§ **Task details**
Transcription task. Write out each entry verbatim and exclude any image.

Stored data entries
=-=-=

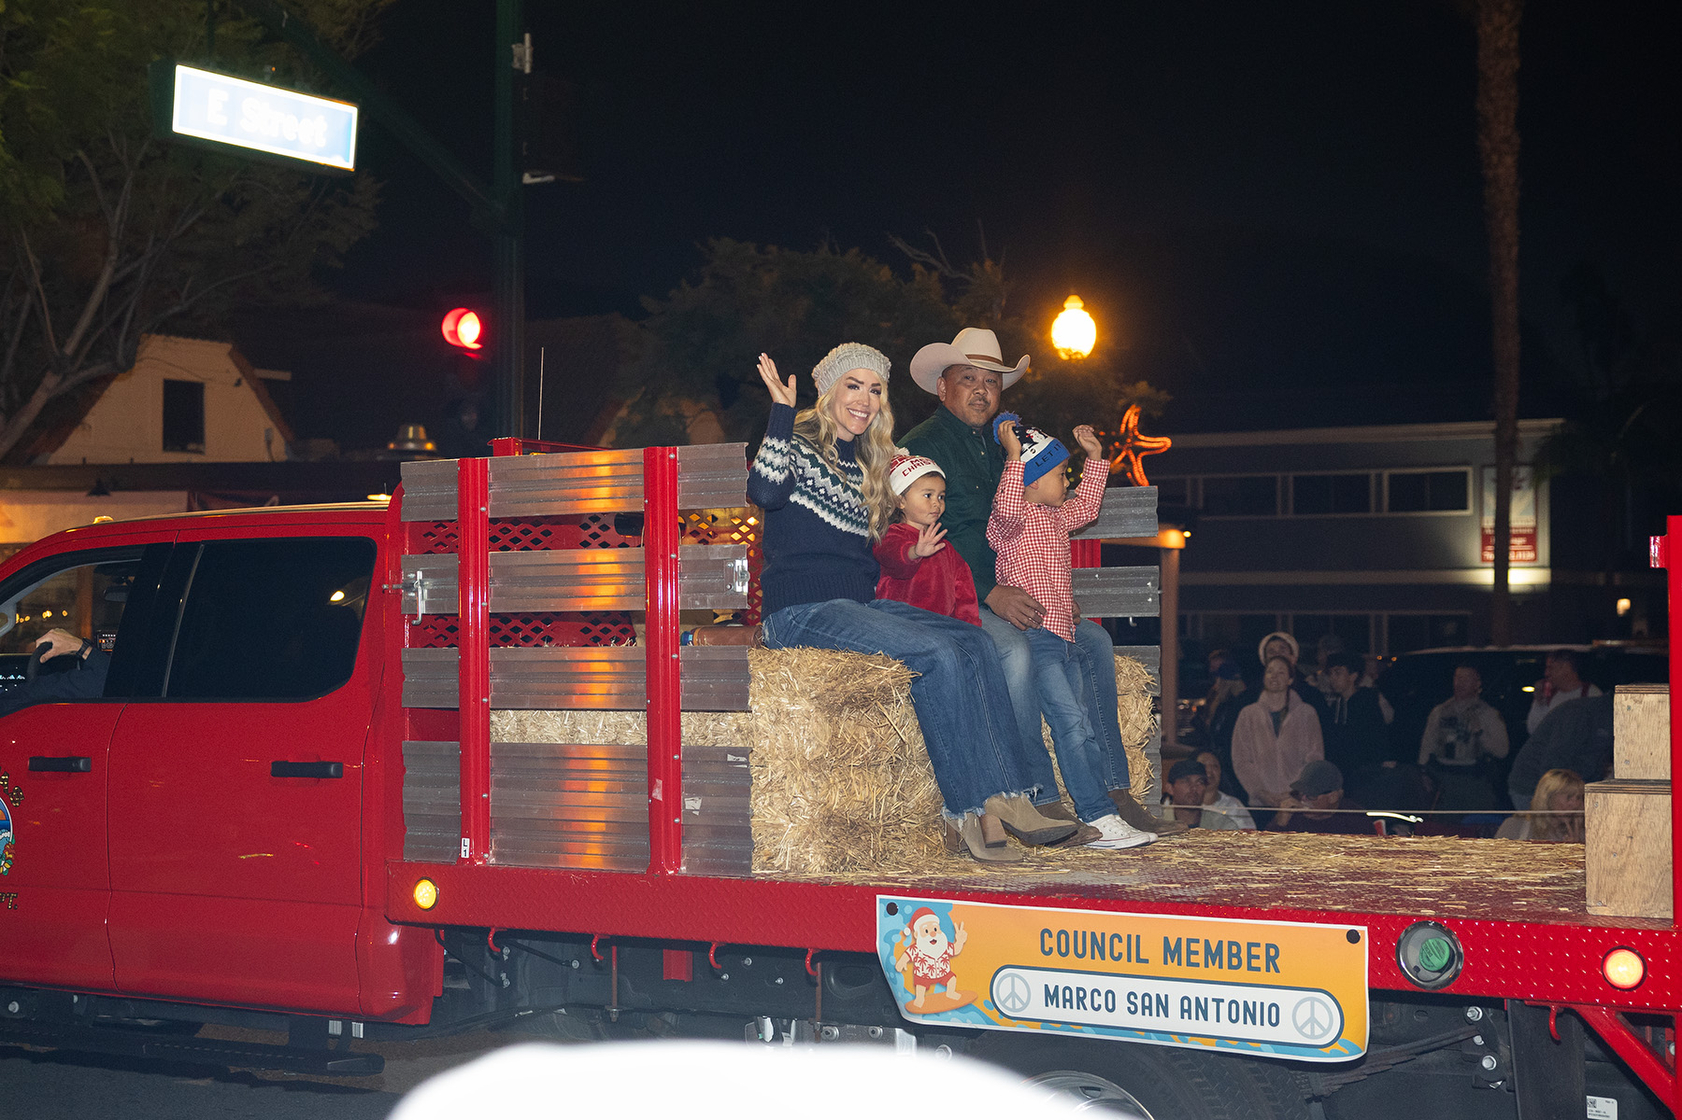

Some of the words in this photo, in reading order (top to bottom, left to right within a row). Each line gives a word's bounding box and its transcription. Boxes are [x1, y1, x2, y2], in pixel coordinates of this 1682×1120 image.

[206, 87, 230, 126] E
[239, 97, 328, 148] Street
[1035, 451, 1054, 467] LET
[1053, 443, 1062, 451] IT
[1040, 928, 1150, 964] COUNCIL
[1163, 936, 1281, 973] MEMBER
[1044, 984, 1117, 1013] MARCO
[1127, 991, 1169, 1018] SAN
[1180, 996, 1280, 1028] ANTONIO

=-=-=

§ **Problem solution**
Some of the words in this photo, in reading order (top to bottom, left to right within a row). Each line gives a word's bounding box and its transcription. Boxes are [x1, y1, x2, y2], in pixel coordinates of this 1682×1120 image.

[206, 87, 230, 126] E
[239, 97, 328, 148] Street
[1035, 451, 1054, 467] LET
[1053, 443, 1062, 451] IT
[1040, 928, 1150, 964] COUNCIL
[1163, 936, 1281, 973] MEMBER
[1044, 984, 1117, 1013] MARCO
[1127, 991, 1169, 1018] SAN
[1180, 996, 1280, 1028] ANTONIO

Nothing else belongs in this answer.